§ Work instructions
For this exercise, retype all the data exactly and exclude every image.

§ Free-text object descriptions
● ● ● ● ● ● ●
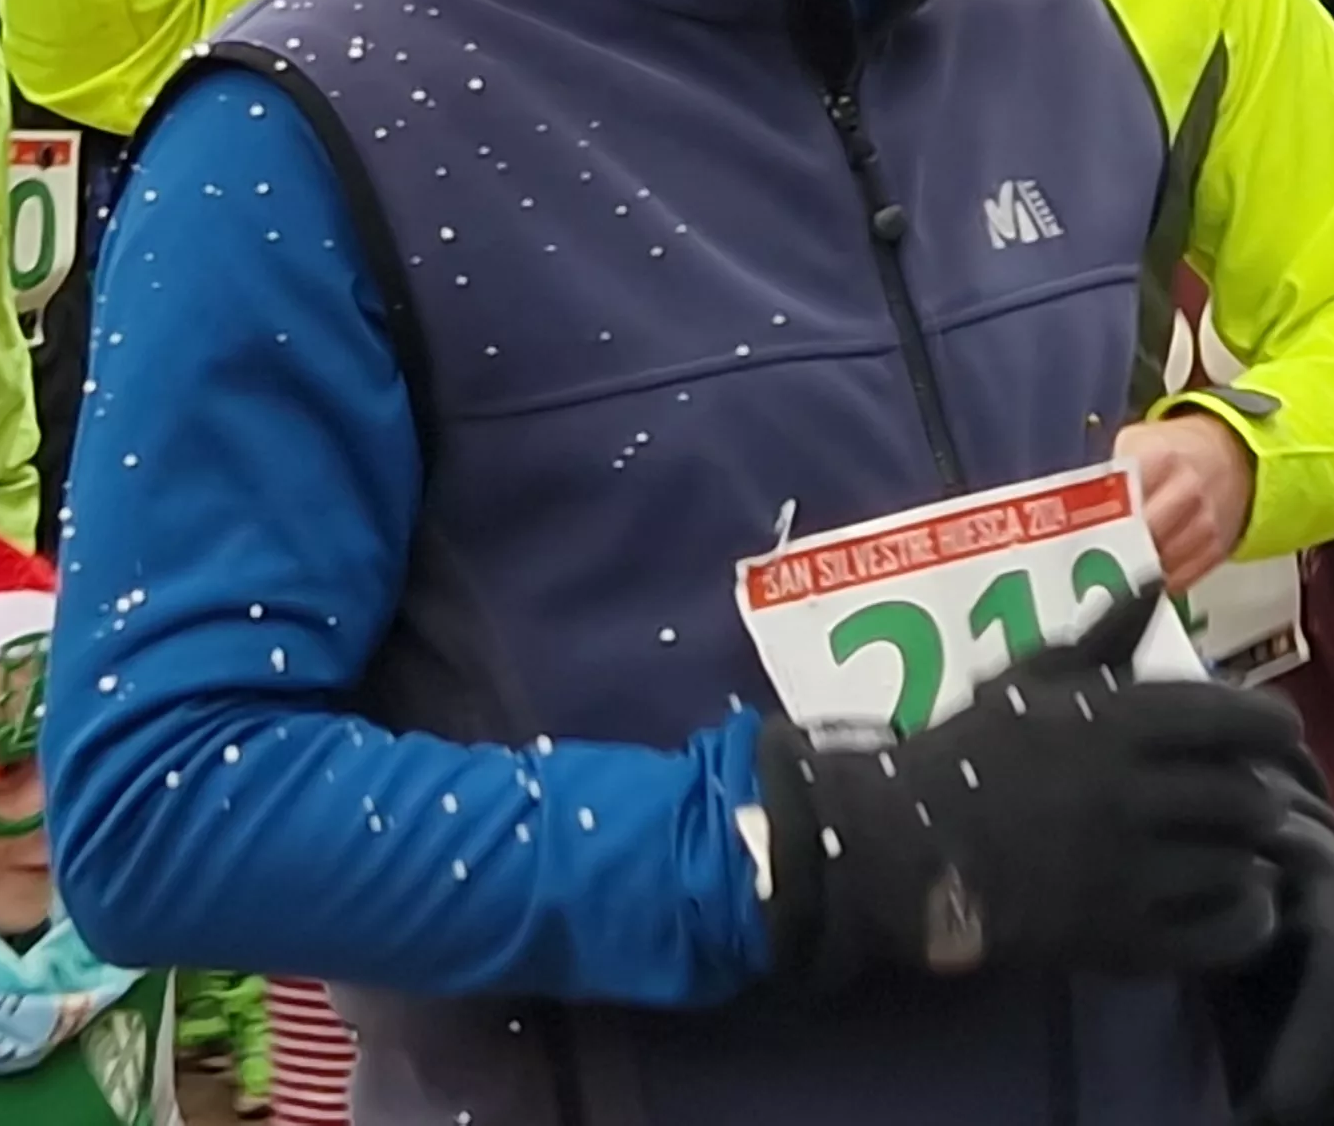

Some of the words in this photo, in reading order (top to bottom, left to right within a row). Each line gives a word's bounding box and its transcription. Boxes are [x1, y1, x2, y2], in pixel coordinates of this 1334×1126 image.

[762, 556, 814, 601] SAN
[814, 527, 938, 587] SILVESTRE
[935, 505, 1025, 558] HUESCA
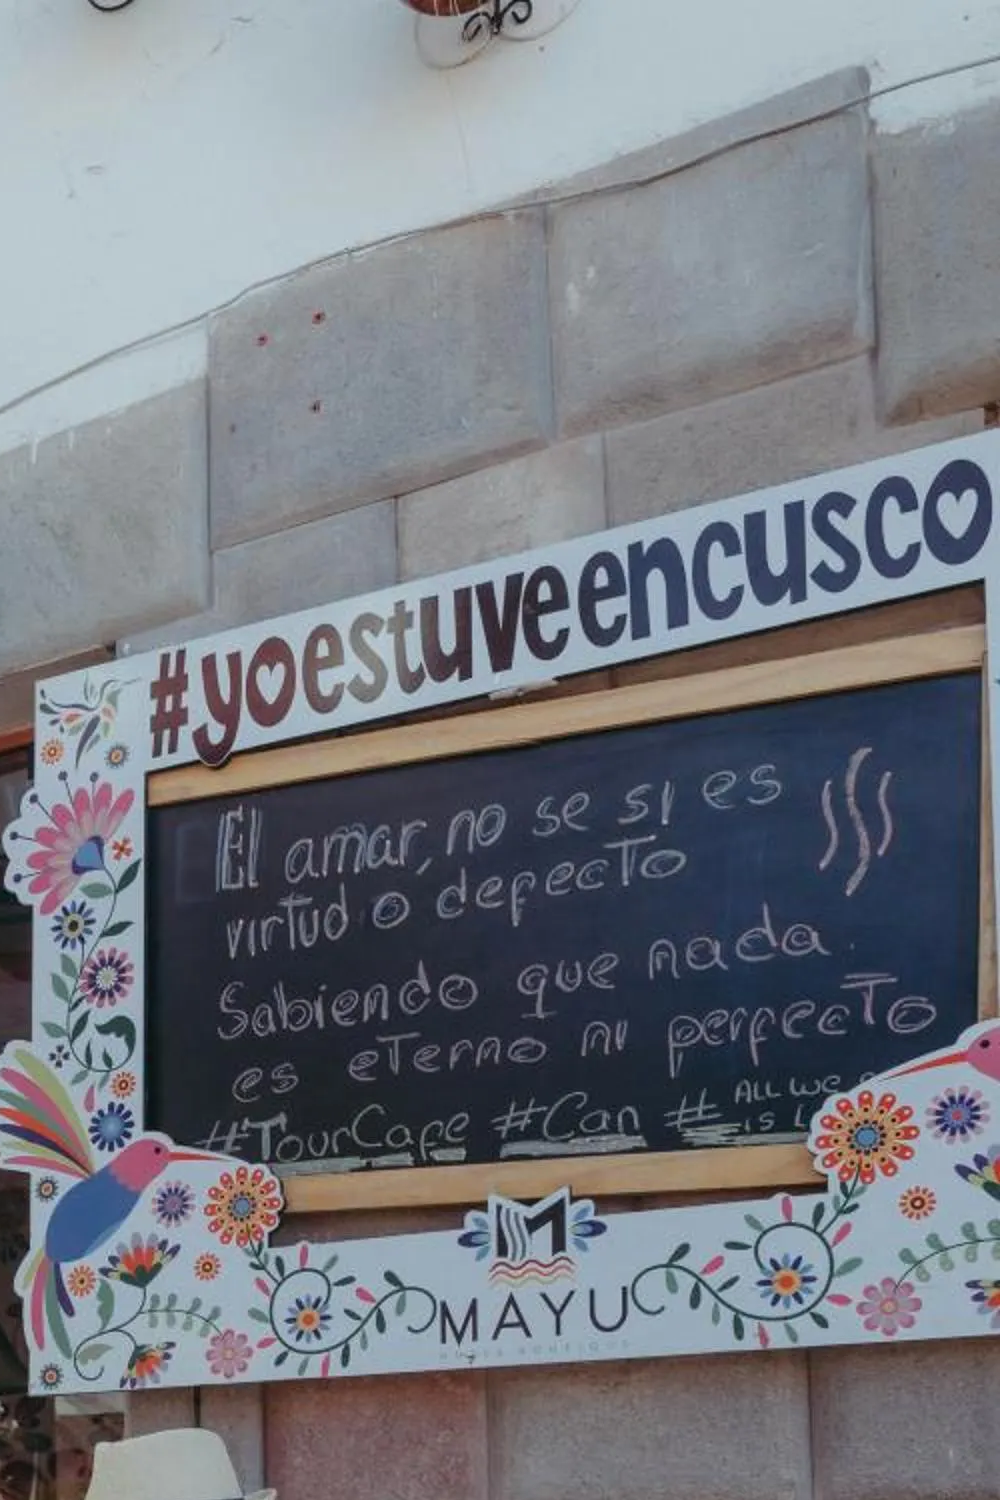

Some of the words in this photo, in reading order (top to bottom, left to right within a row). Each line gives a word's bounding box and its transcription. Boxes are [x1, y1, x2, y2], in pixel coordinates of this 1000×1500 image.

[150, 458, 993, 766] #yoestuveencusco
[215, 804, 262, 892] El
[446, 803, 506, 854] no
[532, 791, 591, 837] se
[702, 764, 783, 810] es
[372, 891, 410, 929] o
[217, 959, 479, 1040] Sabiendo
[517, 953, 620, 1019] que
[232, 1062, 299, 1103] es
[440, 1285, 629, 1347] MAYU
● ● ● ● ● ● ●
§ Answer box
Some of the words in this photo, in reading order (top to bottom, left to right within a row). Each line gives a word's bounding box and its transcription. Boxes are [x1, y1, x2, y2], in pixel coordinates of this 1334×1126 image.

[762, 556, 814, 601] SAN
[814, 527, 938, 587] SILVESTRE
[935, 505, 1025, 558] HUESCA

Some of the words in this photo, in reading order (top to bottom, left to right within a row). Each line gives a word's bounding box and its transcription. Boxes are [x1, y1, x2, y2], in pixel coordinates of this 1000×1500 image.

[150, 458, 993, 766] #yoestuveencusco
[215, 804, 262, 892] El
[446, 803, 506, 854] no
[532, 791, 591, 837] se
[702, 764, 783, 810] es
[372, 891, 410, 929] o
[217, 959, 479, 1040] Sabiendo
[517, 953, 620, 1019] que
[232, 1062, 299, 1103] es
[440, 1285, 629, 1347] MAYU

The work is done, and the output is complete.